Photo: Etta Moten Barnett (b. Nov. 5, 1901 – d. Jan. 2, 2004)
in Gershwin's Porgy and Bess
Etta Moten Barnett has been a tireless pioneer in her career as a musical performer, actress, and community activist.
THE EARLY LIFE OF ETTA MOTEN BARNETT
Etta Moten Barnett was born in Weimer, Texas on November 5, 1901. The only child of Rev. Freeman F. Moten, an African Methodist Episcopal minister, and school teacher Ida Moten, she remembers her childhood fondly as a time of singing with the choir in her father's church. It was at Paul Quinn College in Texas that the quality of her singing voice was first rewarded with an educational scholarship.
Moten went on to attend Western University, an Historically Black University (HBU) in Kansas. Her professional singing career took off once she joined the Jackson Jubilee Singers and went on to sing with the renowned Eva Jessye Choir.
EARLY BLACK ACTRESSES
Moten was discovered as an actress by a talent scout for the 1931 Fred Astaire-Ginger Rogers classic movie Flying Down to Rio. She is best remembered, however, for her role as the incarnate heroine Bess in the original George Gershwin production of the popular musical Porgy and Bess. Gershwin chose Eva Jessye as the choral director for the 1935 opera production of Porgy and Bess.
Photo: 1935 Cast of Porgy and Bess
(photographer Richard Tucker. Oct. 10, 1935.
Courtesy of the Library of Congress)
A pioneering Black musical performer, Etta Moten Barnett broke the film industry's color barrier as the first Black performer to play in a film role that was not a domestic role, when she performed in The Gold Diggers in 1933.

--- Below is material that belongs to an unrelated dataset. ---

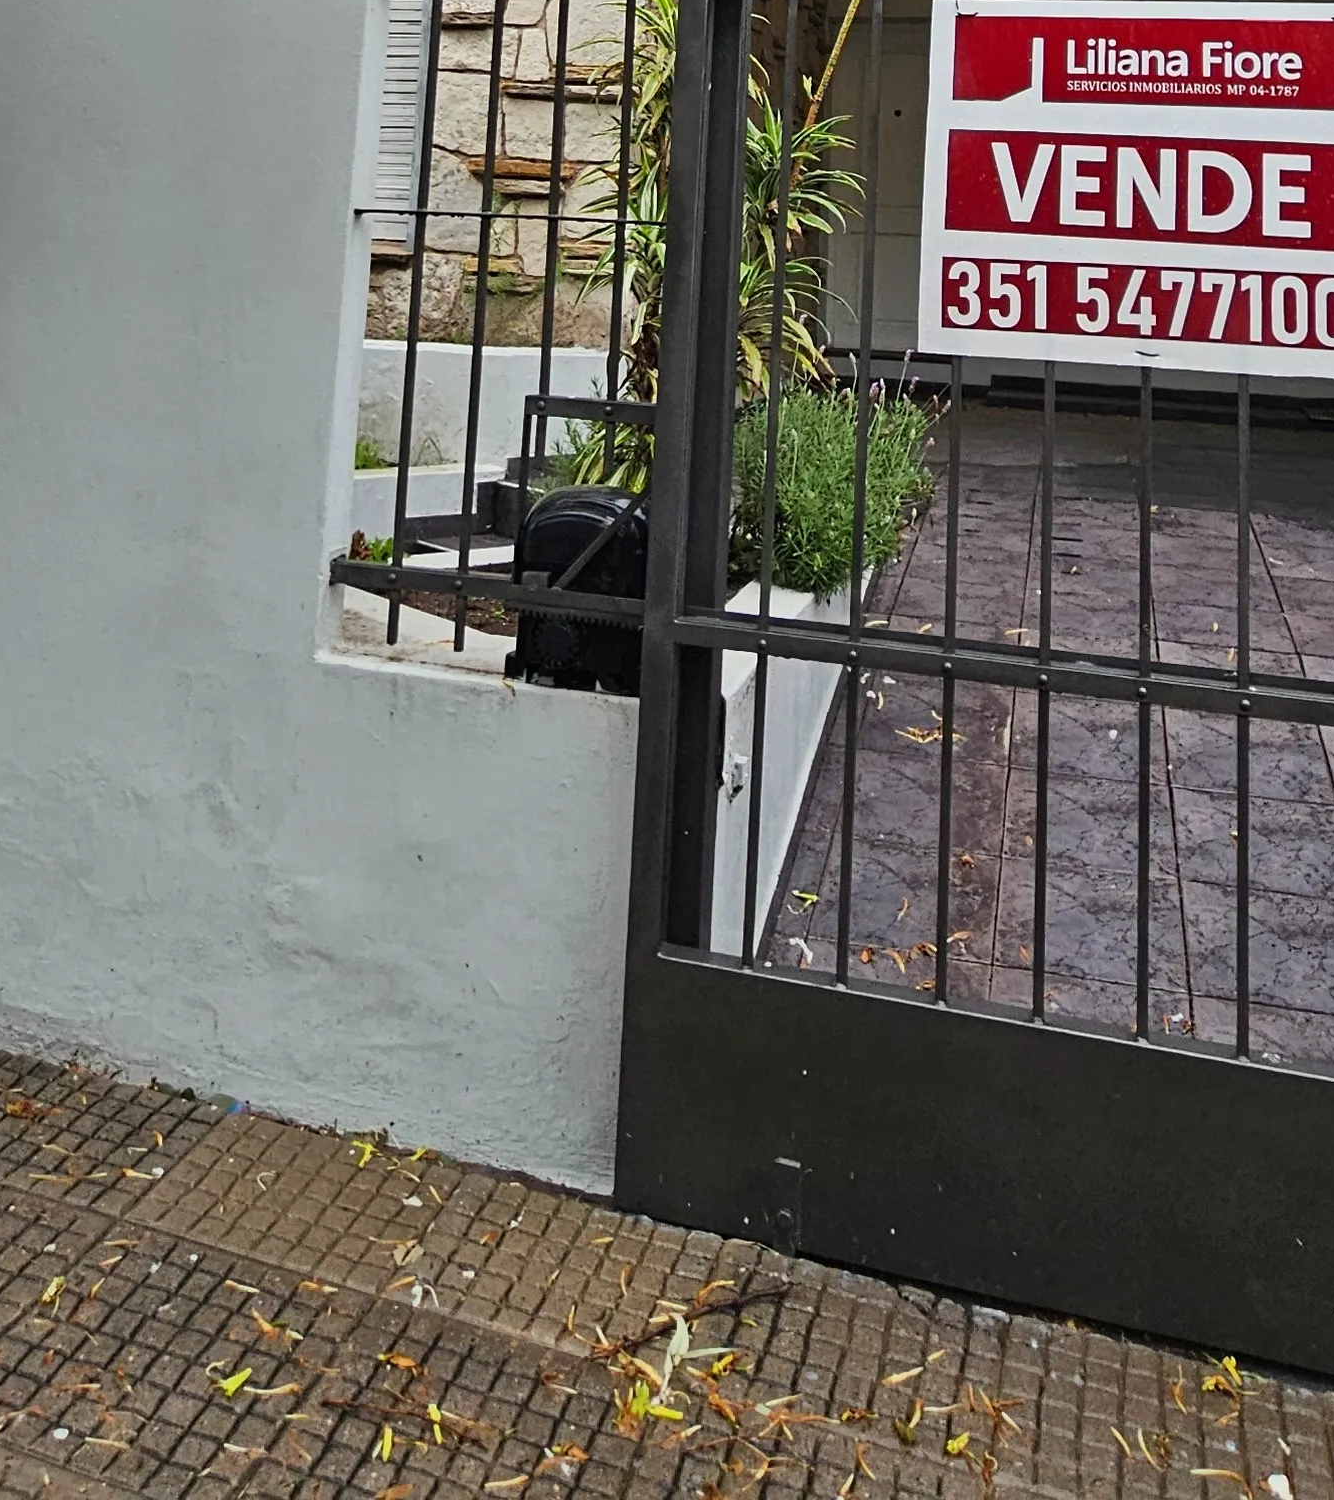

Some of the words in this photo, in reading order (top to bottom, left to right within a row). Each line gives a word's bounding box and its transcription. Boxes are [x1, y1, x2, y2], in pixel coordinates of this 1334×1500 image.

As a Chicago resident, Moten was active in promoting the arts through the South Side Community Art Center and DuSable Museum of African American History. Moten was appointed by the U.S. federal government as a cultural ambassador to ten African countries. In shaped this role as an opportunity to led cultural exchange missions between African Americans and Africans. Moten was an active member of the National Council of Negro Women in Chicago.